- **Assignment**: Output every record word for word, minus the pictures.

- **Supplied material**:

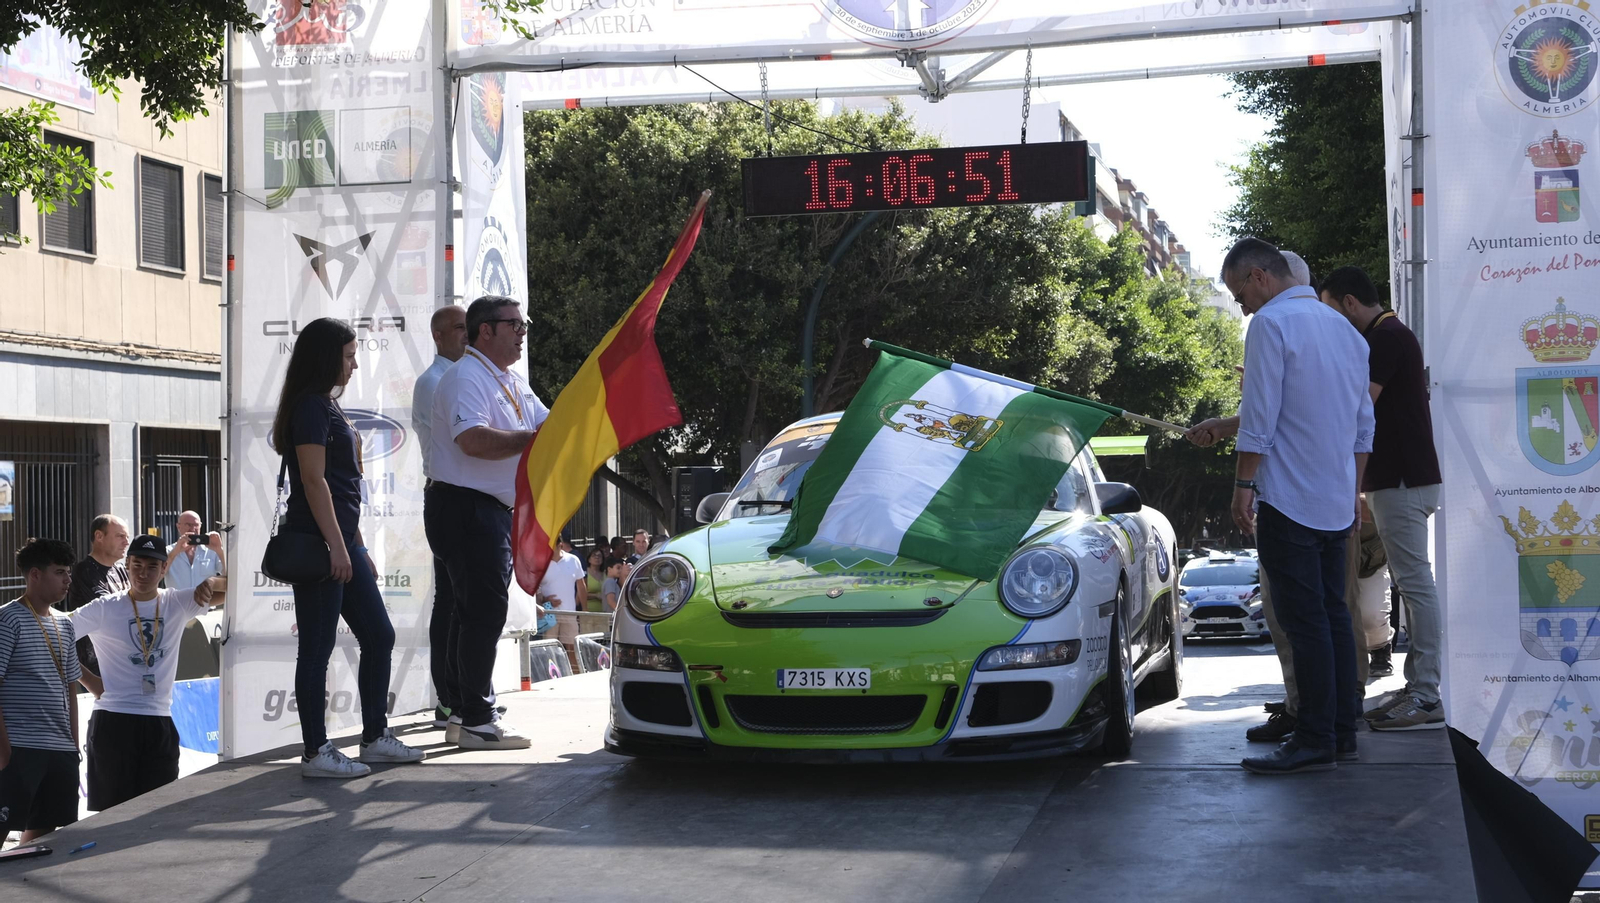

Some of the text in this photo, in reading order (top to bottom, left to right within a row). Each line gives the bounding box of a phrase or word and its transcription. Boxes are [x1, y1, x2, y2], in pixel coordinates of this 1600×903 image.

[551, 9, 655, 36] ALMERÍA
[845, 15, 857, 26] de
[857, 22, 906, 38] septiembre
[915, 29, 927, 38] de
[929, 16, 962, 34] octubre
[1501, 6, 1572, 50] AUTOMOVIL
[1523, 97, 1587, 114] ALMERIA
[353, 139, 397, 152] ALMERÍA
[803, 150, 1019, 209] 16:06:51
[1466, 232, 1578, 254] Ayuntamiento
[1480, 261, 1542, 283] Corazón
[1546, 254, 1570, 272] del
[1494, 486, 1563, 498] Ayuntamiento
[1564, 485, 1577, 494] de
[787, 671, 826, 687] 7315
[835, 671, 868, 687] KXS
[1483, 673, 1552, 685] Ayuntamiento
[1553, 674, 1566, 683] de
[1556, 771, 1599, 781] CERCA

- **Answer section**:
Some of the text in this photo, in reading order (top to bottom, left to right within a row). Each line gives the bounding box of a phrase or word and its transcription. Boxes are [x1, y1, x2, y2], in pixel coordinates of this 1600×903 image.

[551, 9, 655, 36] ALMERÍA
[845, 15, 857, 26] de
[857, 22, 906, 38] septiembre
[915, 29, 927, 38] de
[929, 16, 962, 34] octubre
[1501, 6, 1572, 50] AUTOMOVIL
[1523, 97, 1587, 114] ALMERIA
[353, 139, 397, 152] ALMERÍA
[803, 150, 1019, 209] 16:06:51
[1466, 232, 1578, 254] Ayuntamiento
[1480, 261, 1542, 283] Corazón
[1546, 254, 1570, 272] del
[1494, 486, 1563, 498] Ayuntamiento
[1564, 485, 1577, 494] de
[787, 671, 826, 687] 7315
[835, 671, 868, 687] KXS
[1483, 673, 1552, 685] Ayuntamiento
[1553, 674, 1566, 683] de
[1556, 771, 1599, 781] CERCA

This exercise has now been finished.